Your instructions: Please output all of the entries exactly and omit any images they hold.
---------- Records for the task ----------
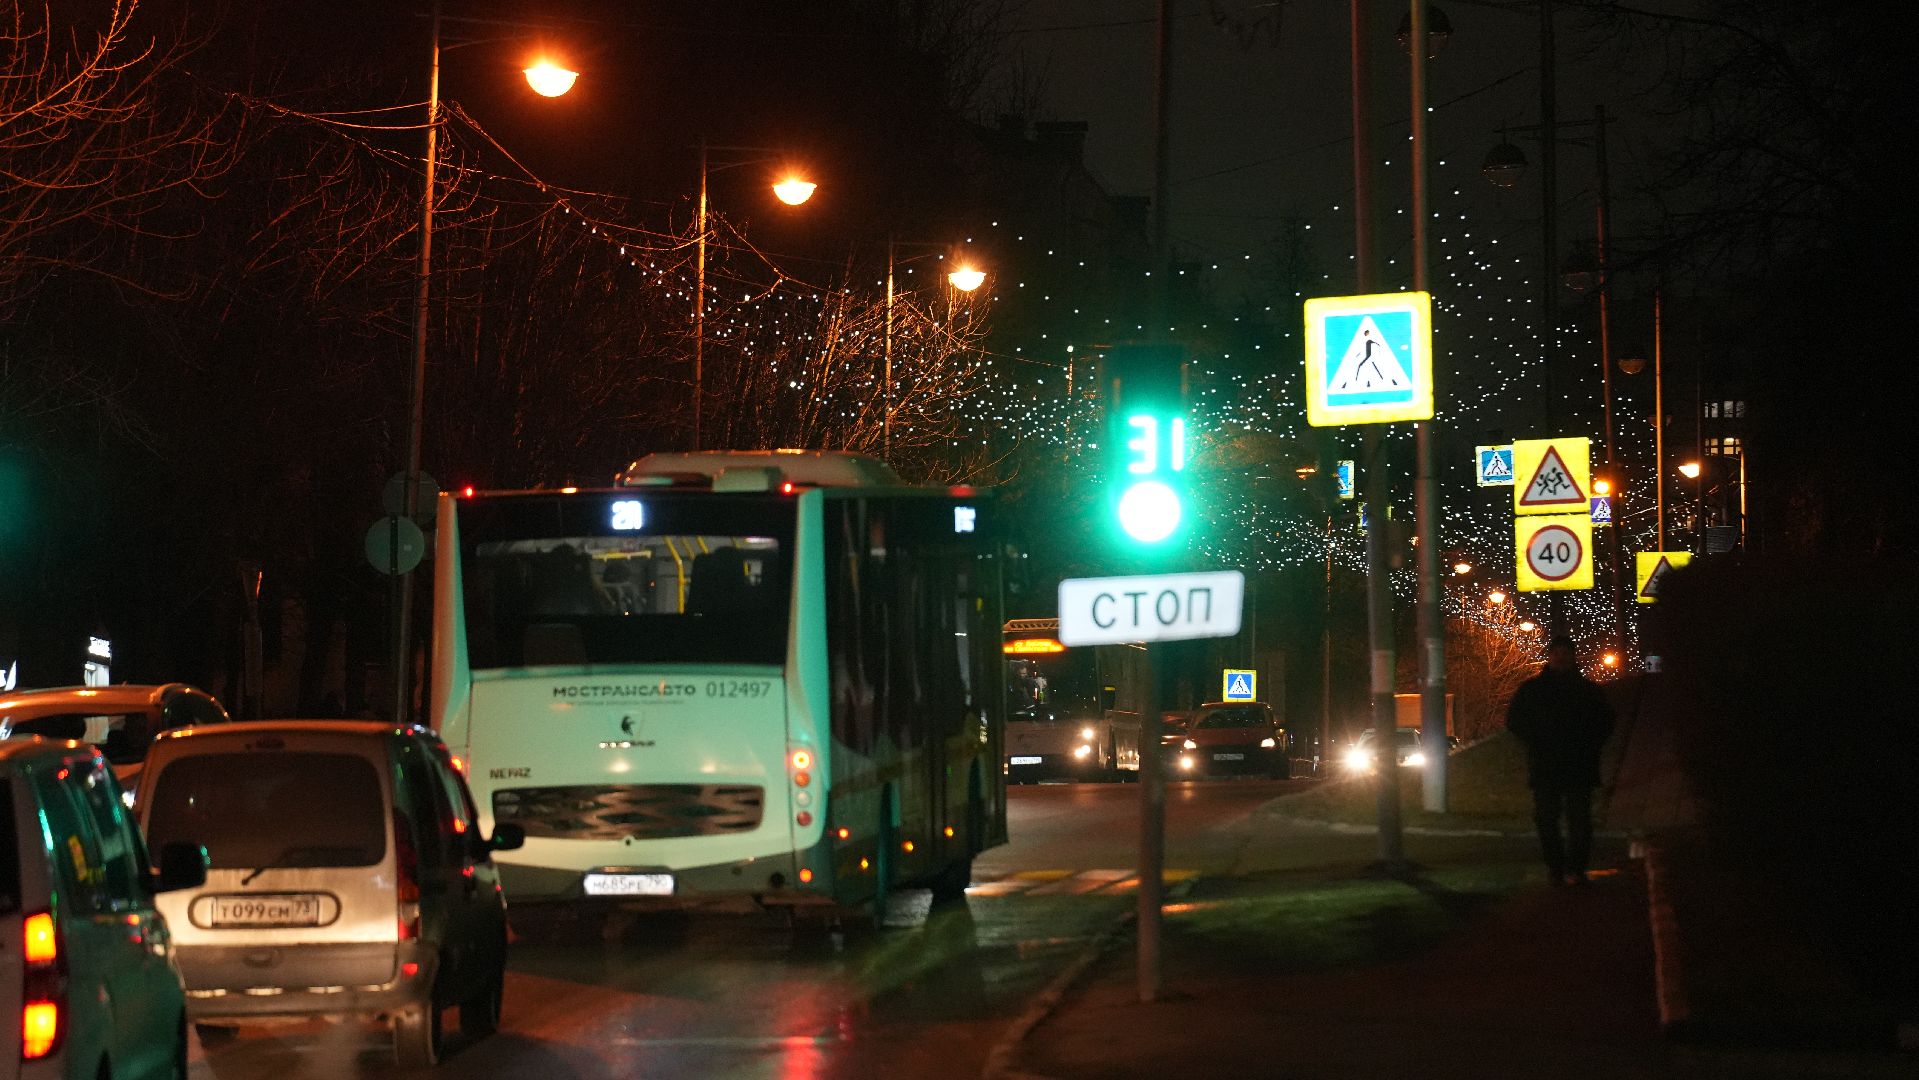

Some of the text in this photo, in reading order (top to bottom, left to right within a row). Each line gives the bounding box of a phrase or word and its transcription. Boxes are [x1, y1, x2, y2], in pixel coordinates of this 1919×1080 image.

[1128, 415, 1185, 474] 31
[1538, 541, 1571, 564] 40
[1092, 588, 1211, 629] СТОП
[553, 680, 772, 699] МОСТРАНСАВТО 012497
----------
Result for this task:
Some of the text in this photo, in reading order (top to bottom, left to right within a row). Each line gives the bounding box of a phrase or word and its transcription. Boxes are [x1, y1, x2, y2], in pixel coordinates of this 1919×1080 image.

[1128, 415, 1185, 474] 31
[1538, 541, 1571, 564] 40
[1092, 588, 1211, 629] СТОП
[553, 680, 772, 699] МОСТРАНСАВТО 012497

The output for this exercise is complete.